Two Tap is essentially a mediator between the user and the company’s online ordering system. It doesn’t manage any money itself (though it stores credit card data on its PCI-compliant servers). Instead, it presents the user to the merchant and handles the checkout process for them. This way, you just sign in to your Two Tap account and you are done with the checkout in – you guessed it – two taps.

Shopping-CartAs the company’s founders Radu Spineanu and Razvan Roman told me, the company’s focus is mostly on B2B right now, though it also offers a Chrome extension for avid online shoppers that makes checking out on the sites of over 100 merchants easier. This includes a global shopping cart, so if you see one thing on Nordstrom’s website and one on Macy’s, you can just put them all into the same cart and then order both items with a single click and Two Tap will handle the rest.

For the most part, though, the company is focused on working with merchants and affiliate sites directly.

Developers can integrate the service with the help of an API for their mobile apps and on their websites. Developers can use the API to build their own check-out flows or just integrate the HTML5 interface and pass the product URL on to Two Tap, which takes it from there.

The service is already in use by the likes of Kiip, Shopsy and similar services. On the web, Shoelovers also uses it to help the 5 million shoe fanatics on its site buy even more shoes from its website and mobile app. They just have to click the “Buy” button, and instead of being taken to a vendor’s cumbersome mobile site, they can buy right from Shoelovers’ site.

Because Two Tap is focusing so heavily on affiliate sites, its pricing model is also geared toward these kinds of services. The company takes a cut from the affiliate fees a given service generates, though for merchants who want to use the service, it also offers a per-transaction price.

After the first time you use the service, all your information is stored in your Two Tap wallet, so you never have to type it again.

As Spineanu and Roman told me, they have been working on this product for about a year-and-a-half and the company now has eight employees (mostly engineers).
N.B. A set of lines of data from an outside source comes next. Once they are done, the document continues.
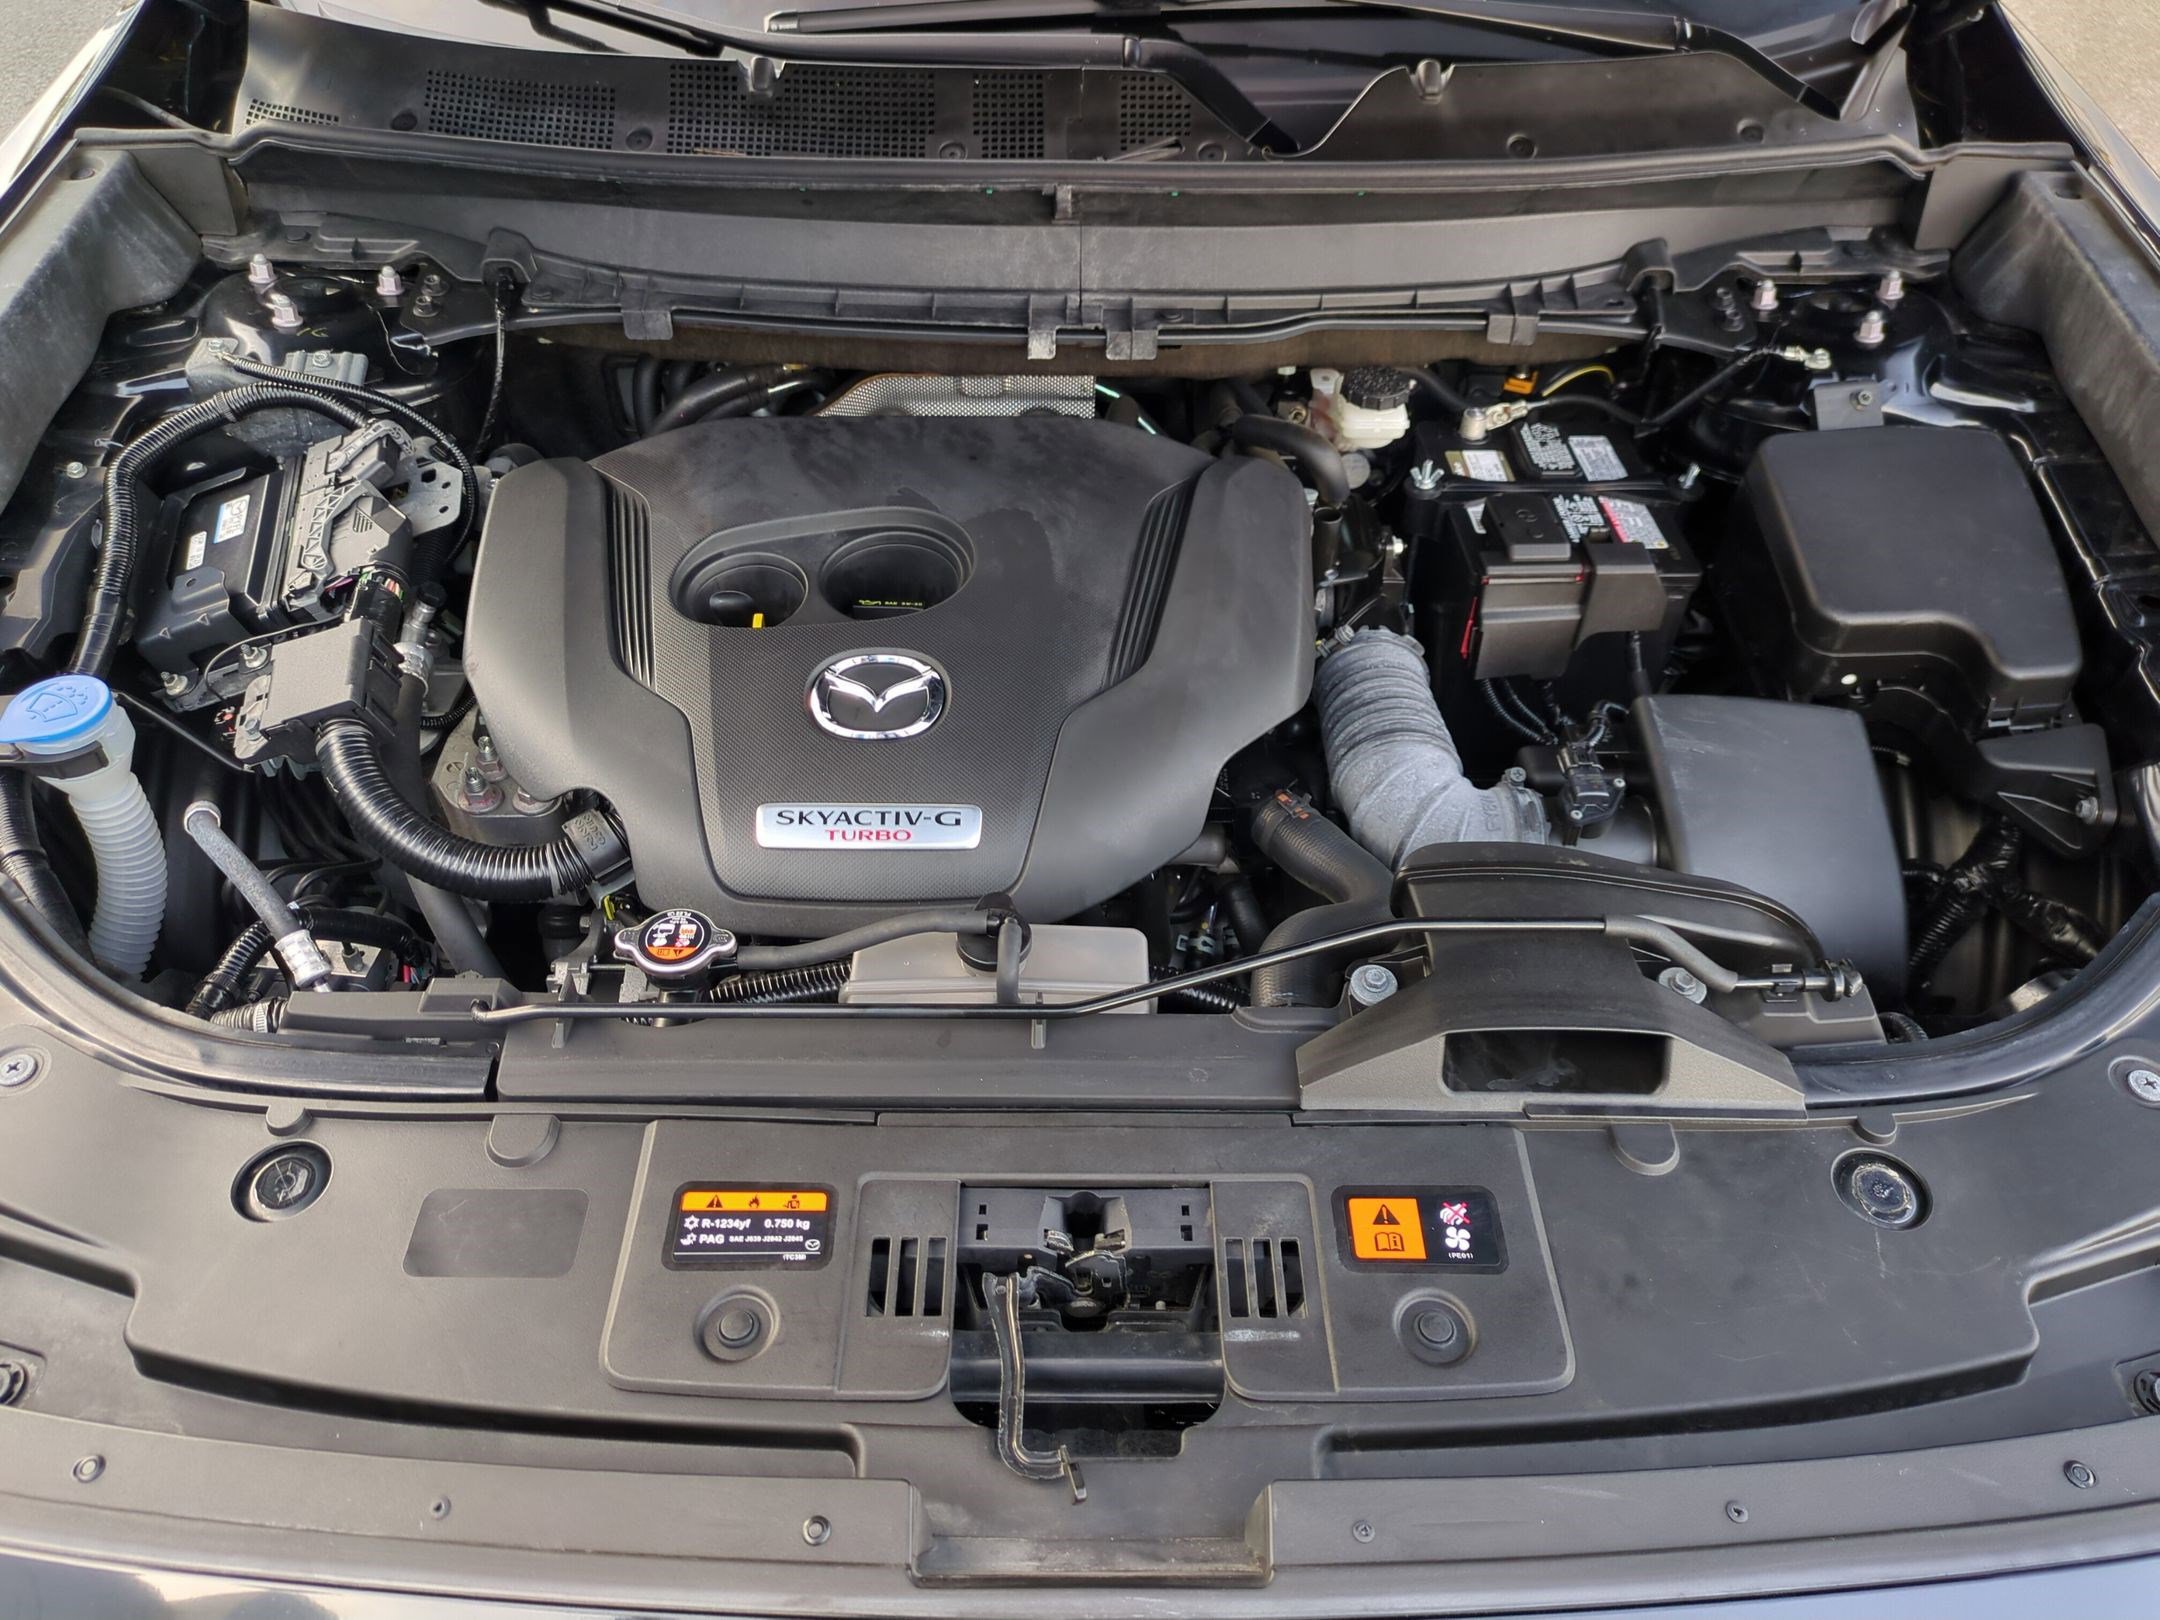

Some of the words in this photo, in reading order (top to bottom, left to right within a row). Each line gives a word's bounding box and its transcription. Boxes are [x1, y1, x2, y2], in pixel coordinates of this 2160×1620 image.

[776, 810, 962, 826] SKYACTIV-G
[825, 830, 912, 842] TURBO
[701, 1218, 751, 1230] R-1234yf
[764, 1218, 794, 1229] 0.750
[796, 1218, 810, 1230] kg
[699, 1234, 725, 1244] PAG
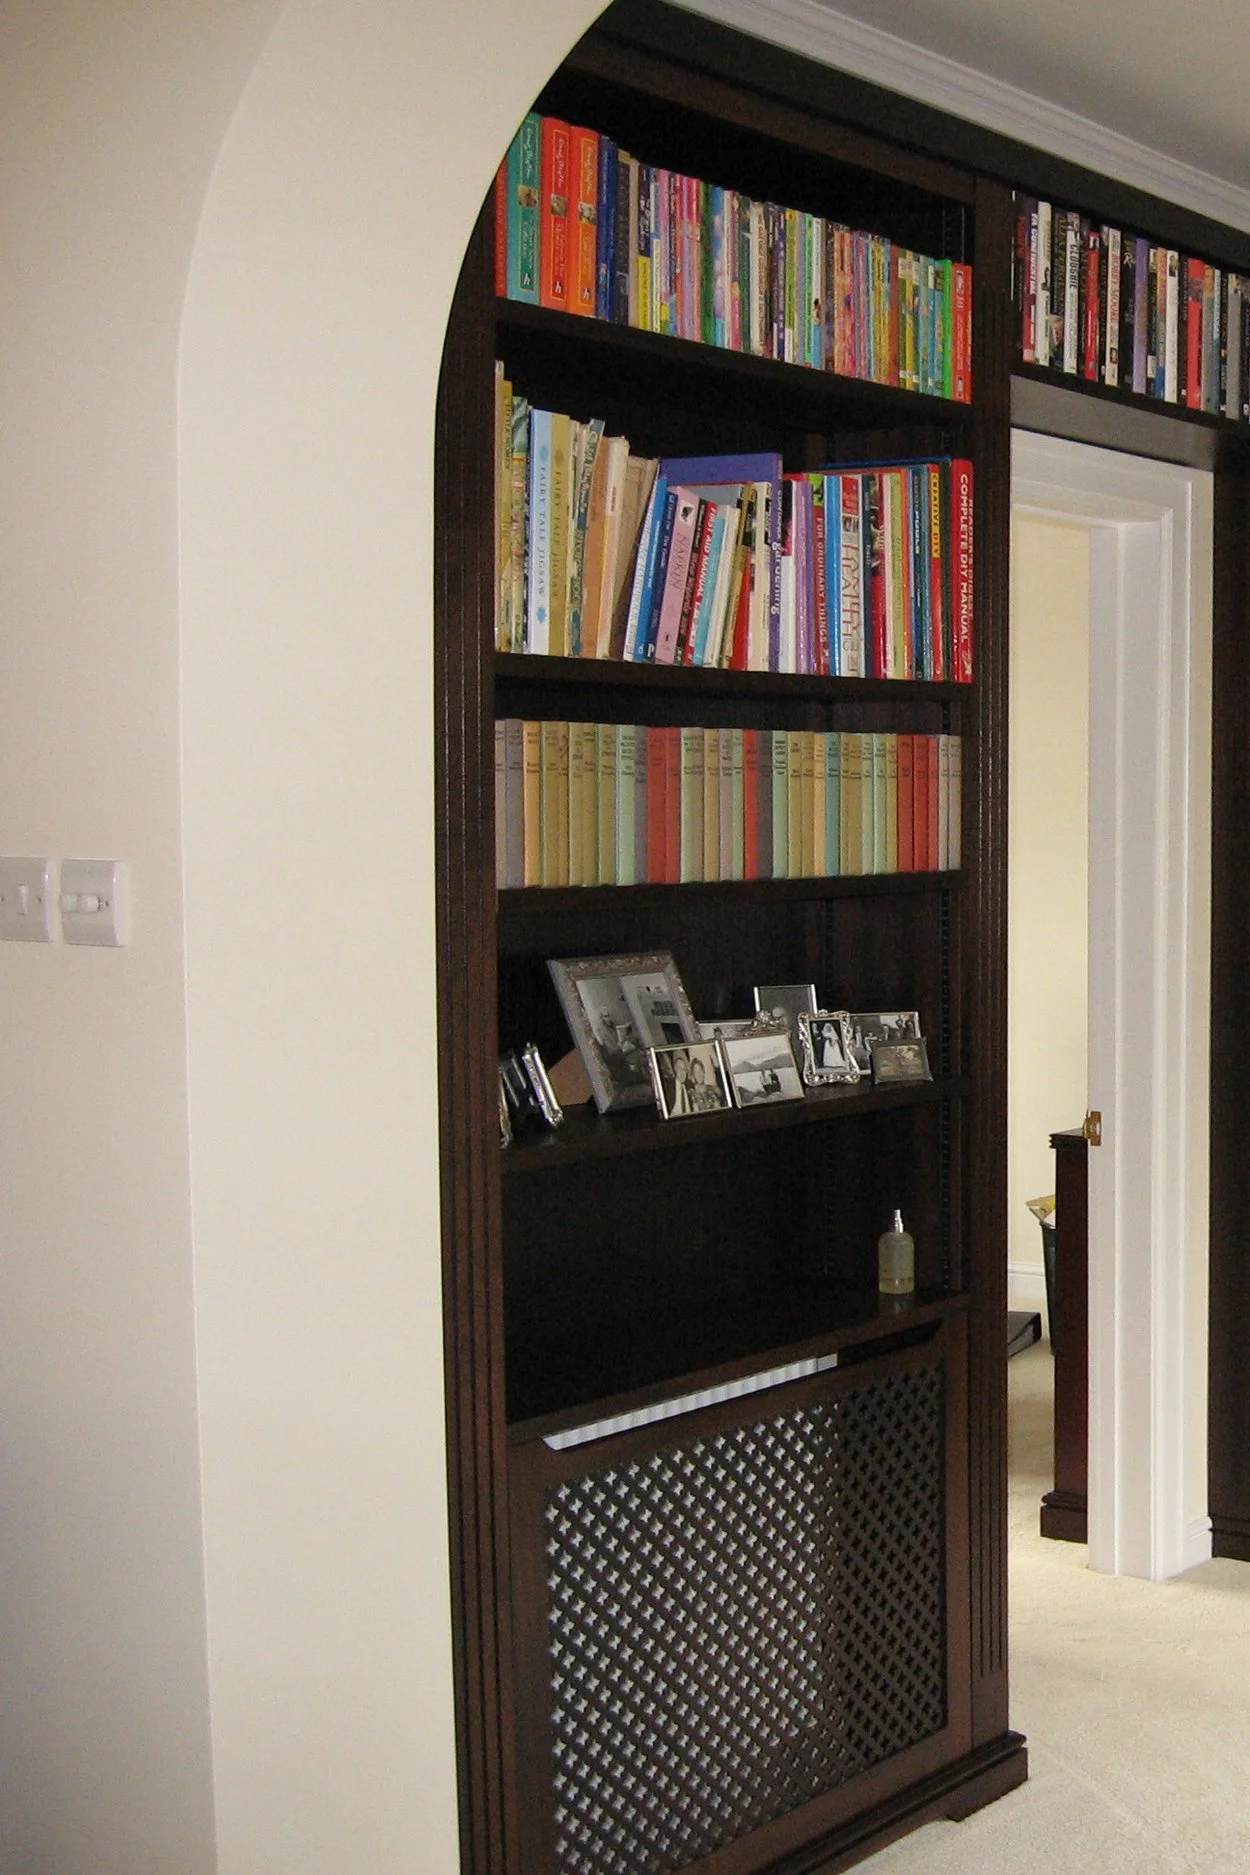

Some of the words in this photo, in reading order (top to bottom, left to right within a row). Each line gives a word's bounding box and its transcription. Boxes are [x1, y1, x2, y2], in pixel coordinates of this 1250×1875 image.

At first, they worried that merchants would not appreciate the service because it gets in between the customer and them, but in the end, Roman said, the merchants want sales and that’s what Two Tap aims to bring them.

The company, which was previously known as Amber.io, has also been experimenting with bringing its service to mobile ads, so users can buy a product right from an ad. The problem with this is that the intent to buy is typically missing when users see an ad, so conversion rates tend to be low. The company plans to take a closer look at ads in the future, though.